Concurrent branches and multiple machine execution

Execution of concurrent branches

YACS can execute calculation nodes of a scheme simultaneously. However, simultaneous execution of a large number of nodes can saturate the system. The maximum number of simultaneous executions can be controlled by fixing the maximum number of threads used with the YACS_MAX_THREADS environment variable. By default, this value is equal to 50.

Each of these threads needs some memory (stack) for its execution. If too much stack is allocated for each thread, the system can run out of memory. If too little stack is allocated, you can experience some random crashes as the thread writes to memory outside its allocated stack. The stack size for YACS threads can be controlled with the YACS_THREADS_STACK_SIZE environment variable. It defines the size of the stack for each thread in bytes. The default value is 1048576 (1MB).

Execution on multiple machines

YACS can execute the nodes of a scheme on several machines where SALOME is already installed. Each machine is a resource which has to be declared in the resources catalog (see The resources catalog).

Every node is executed by a container. Containers use a set of constraints and rules for choosing the resource where the node will be executed (see Containers).
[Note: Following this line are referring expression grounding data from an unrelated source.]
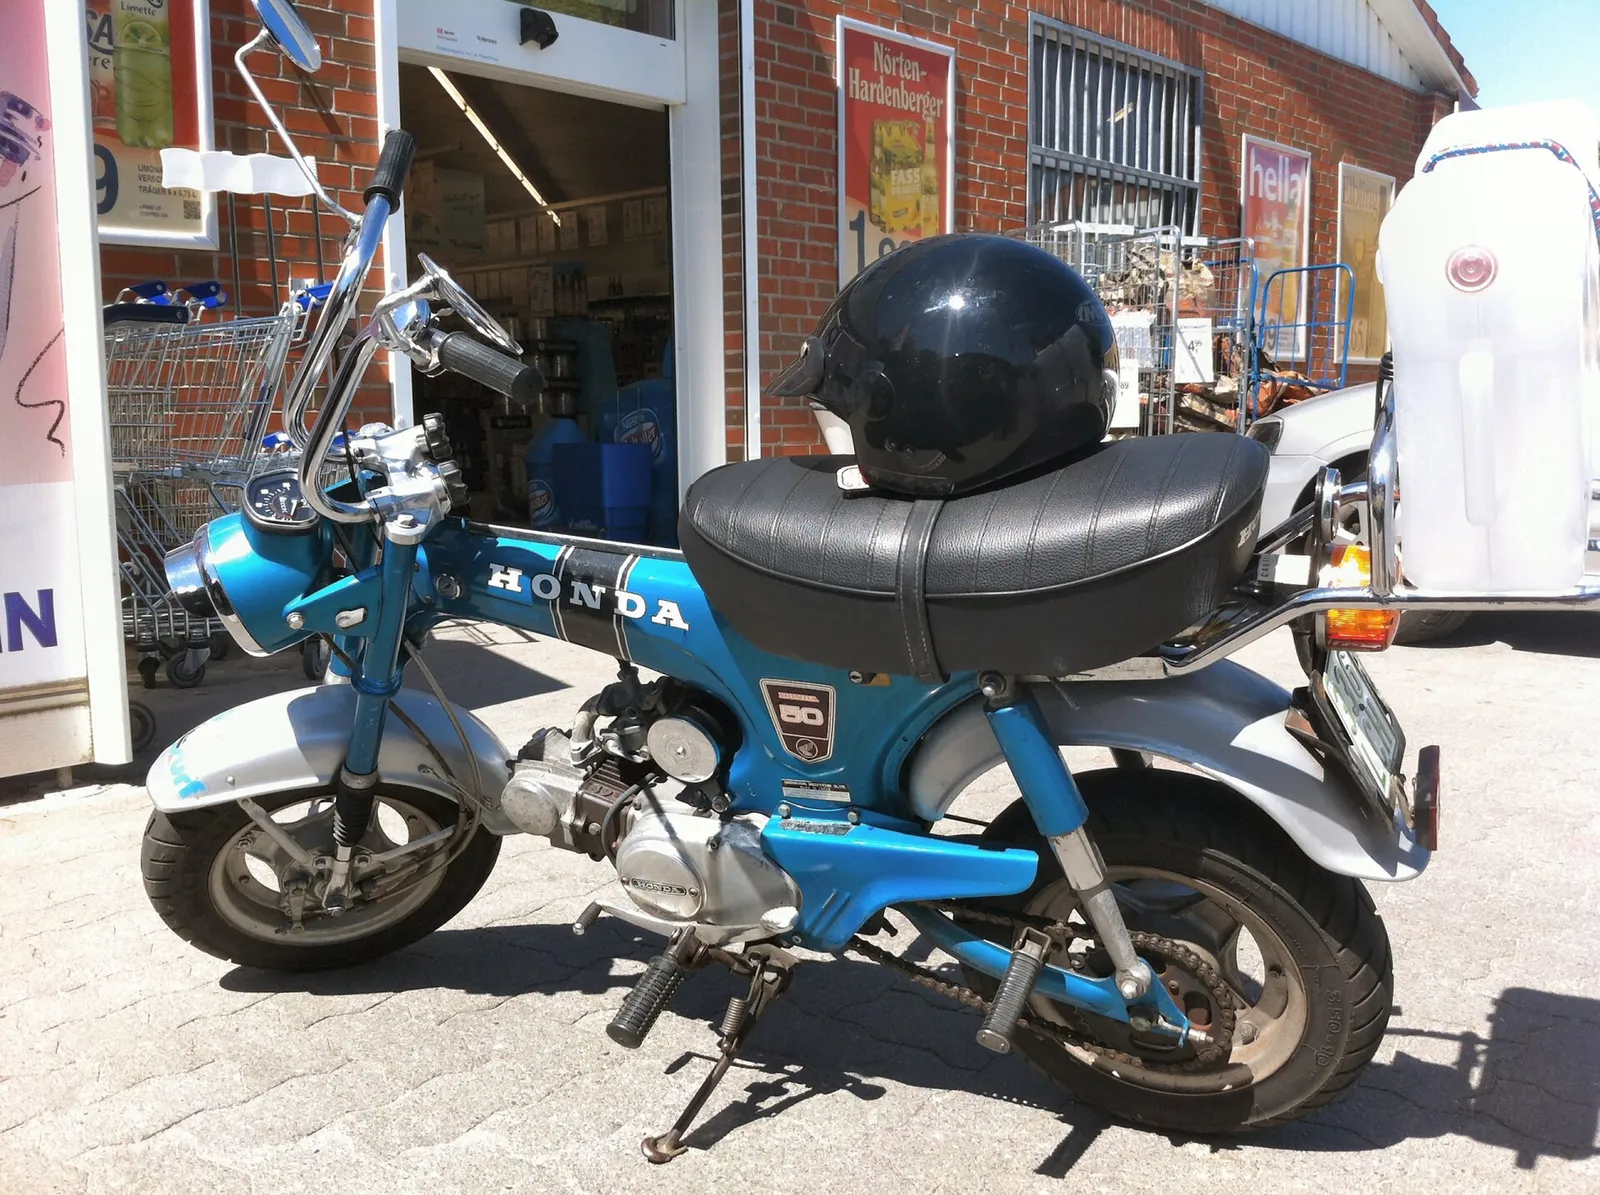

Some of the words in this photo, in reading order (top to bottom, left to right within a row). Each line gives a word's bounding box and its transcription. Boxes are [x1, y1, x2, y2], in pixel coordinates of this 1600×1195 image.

[121, 0, 157, 16] Limette
[873, 40, 927, 83] Nörten-
[848, 67, 944, 119] Hardenberger
[487, 562, 690, 632] HONDA
[0, 588, 58, 654] N
[779, 703, 825, 726] 50
[637, 880, 681, 894] HONDA
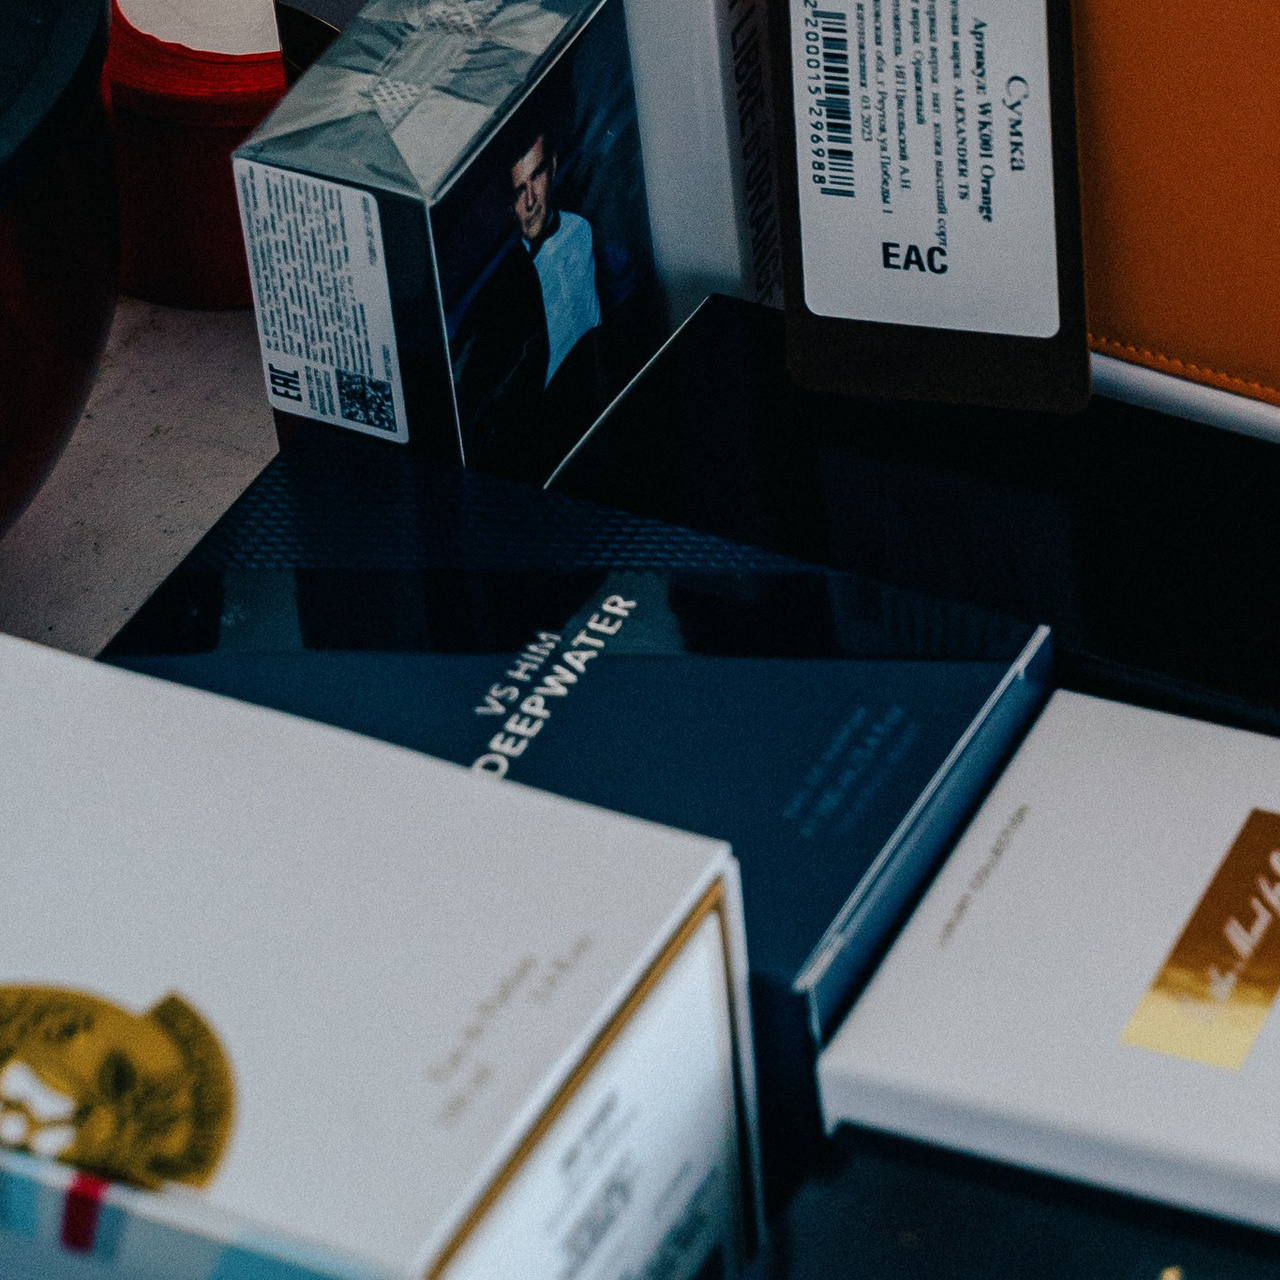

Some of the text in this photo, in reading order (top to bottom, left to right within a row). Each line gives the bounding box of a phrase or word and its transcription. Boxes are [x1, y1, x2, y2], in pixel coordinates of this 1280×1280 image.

Execution on multiple machines with mutliples HP container types

For a complex graph using multiples HP containers it can be really difficult to determine the best values of pool sizes for each HP container type and the numbers of branchs of the ForEach loops. In order to let Yacs resolves this problem by itself, one can use the Playground feature:

pilot.PlayGround()
machineCatalog=[('is2541',8),] # [('machine name', 'nb cores on machine'), ...]
pg.setData(machineCatalog)
p.fitToPlayGround(pg)

Principle

The graph is analyzed and recursively, for all fork, the current domain is equitably divided into sub-domains (one for each sub-branch). A domain of a branch corresponds to the cores from the machine catalog which will be used for the execution of the nodes of this branch. This division in sub-domains assures that one core will be used by at most one container at once, even if it can be used by different HP containers type during the whole execution of a graph.

Once all the domains have been set, the numbers of branchs of the ForEach loops are calculated in order to use the whole domain associated in runtime.

Note: If a branch does not contain any ForEach loop, the size of its domain is reduced to the minimal size.

Graph with multiples ForEach Loop executed in parallel

In some cases it can be better to dispatch unfairly the computing power between the ForEach Loops. In order to do so it is possible to allocate a weight to the nodes of the graph:

elem_node.setWeight(30.) # means execution time of the node is 30s
for_each_loop.setWeight(500.) # means execution time of the whole for each is 500s (exemple: 10 iterations and 50s each)
...
p.fitToPlayGround(pg)

Assuming that the weight corresponds to the execution time of each node during a sequential execution, the algorithm automatically determines, at all fork, the best way to divide the domain into sub-domains in order to minimize the execution time of whole graph.

Explanation: When the computing power allocated to a branch is multiplied by a factor ‘a’, thus weights of all ForEach nodes of this branch are divided by the same factor. Using this the algorithm searchs the best sharing between all branchs at a fork in order the minimize the following parameter: max(for all branchs at the fork: weight of the branch).

Note:

  • If at least one node of a branch does not have a weight, the weight of the branch cannot be calculated and thus its domain receives 1/n of the computing power (n being the number of branchs containing at least one ForEach Loop at this fork point).

  • The weight does not have a unit. Any can be used.

  • The calculation of the weight of a whole branch is not recursive. It is the sum of the weight of all its elementary and ForEach nodes (but as seen previously the sharing is done recursively).